Start of Block
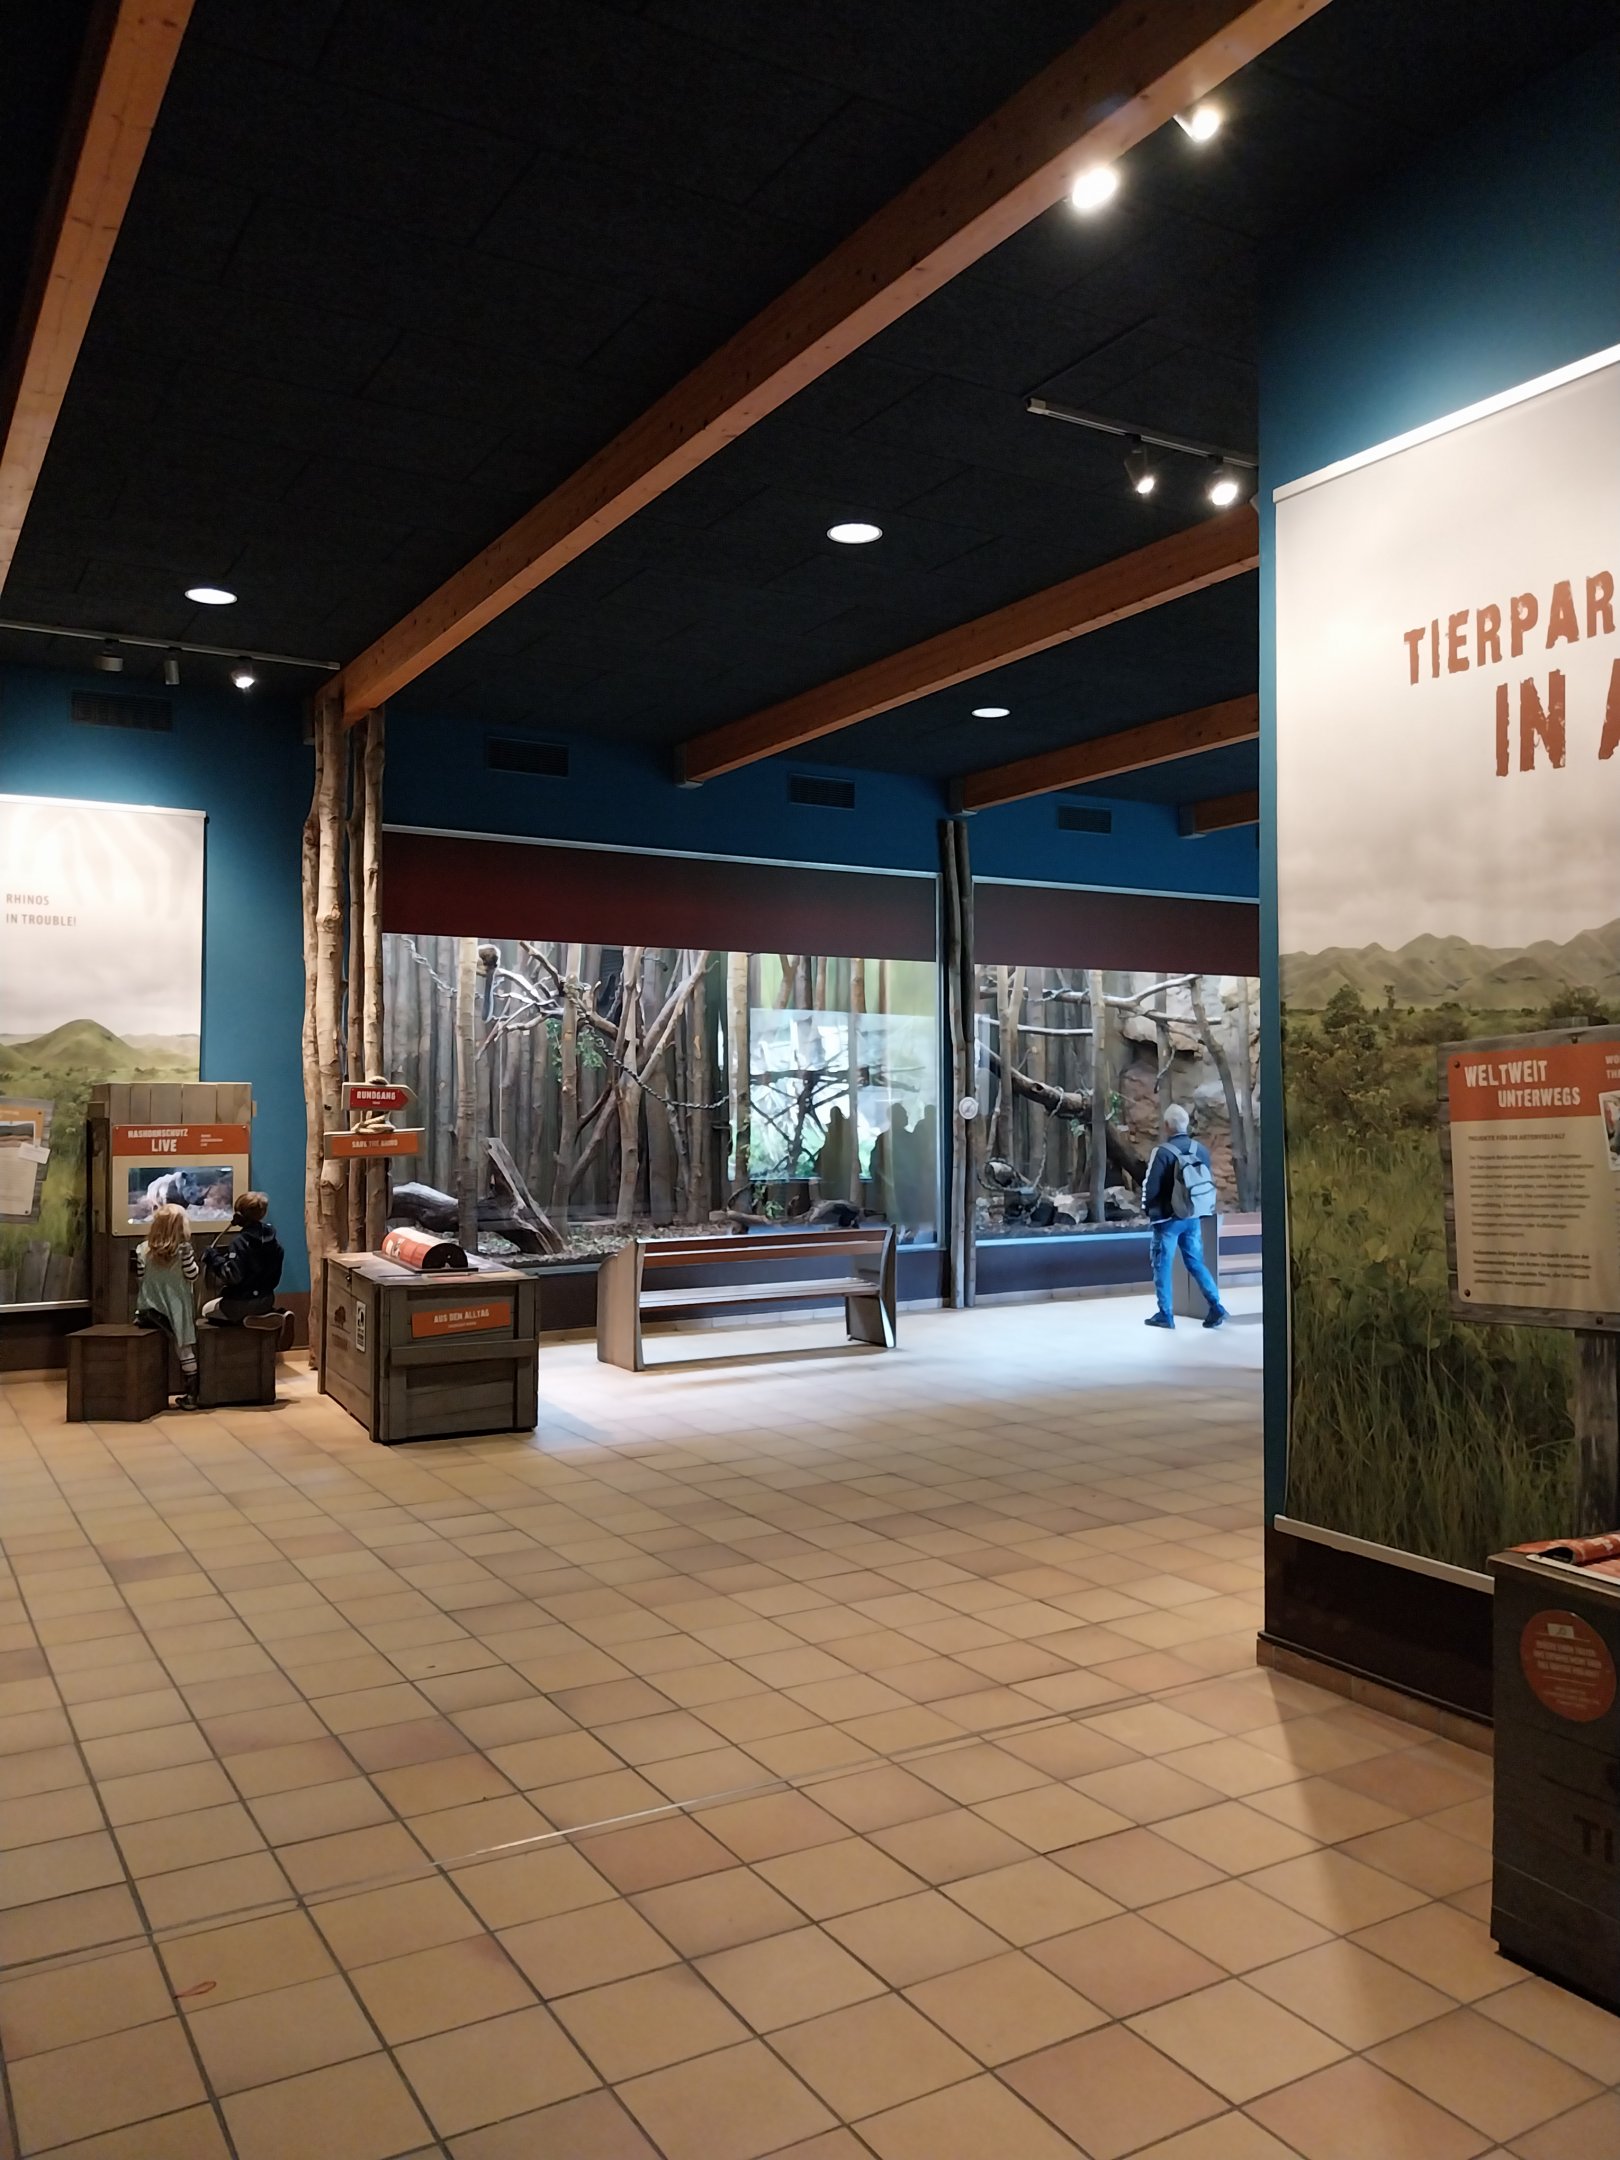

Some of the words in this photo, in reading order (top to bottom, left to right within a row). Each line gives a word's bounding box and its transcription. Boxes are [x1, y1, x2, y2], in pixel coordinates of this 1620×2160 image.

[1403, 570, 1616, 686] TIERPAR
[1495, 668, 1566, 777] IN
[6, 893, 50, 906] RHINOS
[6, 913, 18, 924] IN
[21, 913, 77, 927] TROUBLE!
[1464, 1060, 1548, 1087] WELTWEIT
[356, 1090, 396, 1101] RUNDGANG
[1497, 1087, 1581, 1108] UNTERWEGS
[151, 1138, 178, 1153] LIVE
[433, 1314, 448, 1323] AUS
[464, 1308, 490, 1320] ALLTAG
End of Block
Write the entries out again word for word. Omit all pictures from them.

Some of the words in this photo, in reading order (top to bottom, left to right within a row). Each line gives a word's bounding box and its transcription. Boxes are [x1, y1, x2, y2], in pixel coordinates of this 1620×2160 image.

[1403, 570, 1616, 686] TIERPAR
[1495, 668, 1566, 777] IN
[6, 893, 50, 906] RHINOS
[6, 913, 18, 924] IN
[21, 913, 77, 927] TROUBLE!
[1464, 1060, 1548, 1087] WELTWEIT
[356, 1090, 396, 1101] RUNDGANG
[1497, 1087, 1581, 1108] UNTERWEGS
[151, 1138, 178, 1153] LIVE
[433, 1314, 448, 1323] AUS
[464, 1308, 490, 1320] ALLTAG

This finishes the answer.